Acep's Statement on GNPC Work Programme 2019

INTRODUCTION

The Ghana National Petroleum Corporation (GNPC) has submitted its annual program of expenditures to the Parliament of Ghana for approval. This is a legal requirement of the state Corporation to receive expenditure clearance and account for public investment through its activities. This paper analyses the expenditure priorities of the Corporation in 2018, as well as proposed expenditure in 2019, through the lens of value for money and corporate accountability in accordance with the Petroleum Revenue Management Act (PRMA), 2011 (Act 815) as amended.

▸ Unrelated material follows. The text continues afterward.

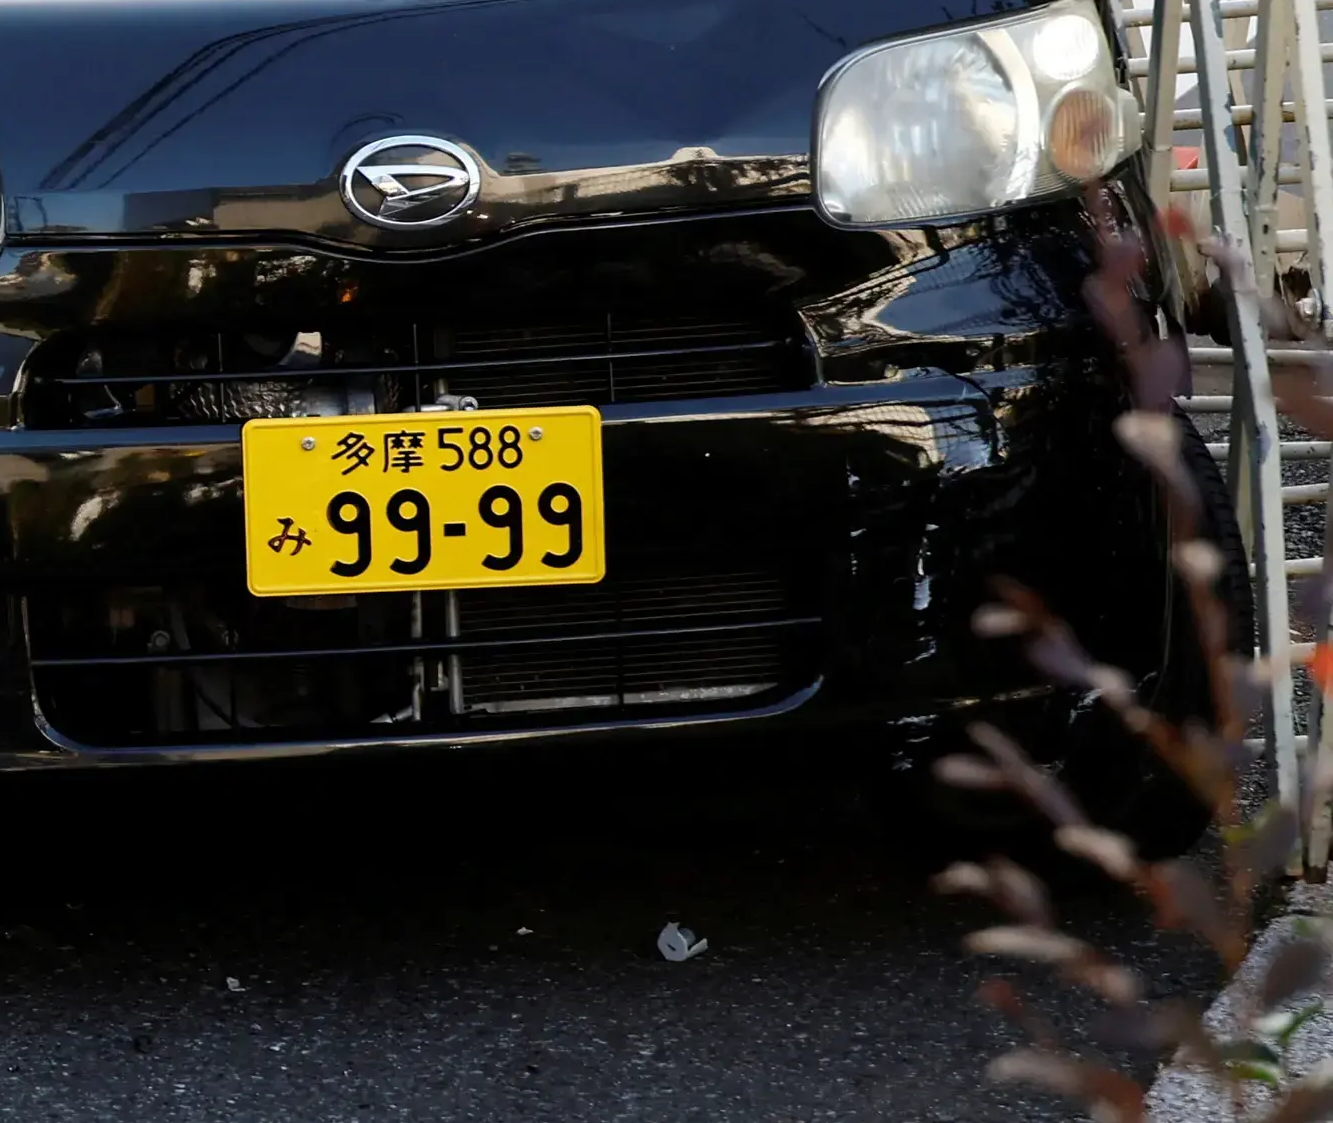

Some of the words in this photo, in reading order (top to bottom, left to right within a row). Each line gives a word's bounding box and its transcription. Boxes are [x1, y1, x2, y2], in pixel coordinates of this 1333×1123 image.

The PRMA has restricted allocations to the Corporation from the proceeds of Carried and Participating Interest (CAPI) of producing fields to ensure that some revenue would still be available for supporting the national budget while the Corporation focuses on its core mandate to support the development of the oil industry. Between 2011 and September 2018, a total of $716.4 million has been given to the Corporation as its share of net CAPI to finance its core operations and development of its competence as a commercial player in the industry. This paper does not cover detailed analysis of the Corporation’s expenditure over the period. 1

This analysis is presented as a guide to Parliament for its scrutiny of GNPC’s summary expenditures of 2018, and the work program for 2019 as presented by the Corporation. To that extent, the table below represents a comparison of the broad expenditure areasfor both years.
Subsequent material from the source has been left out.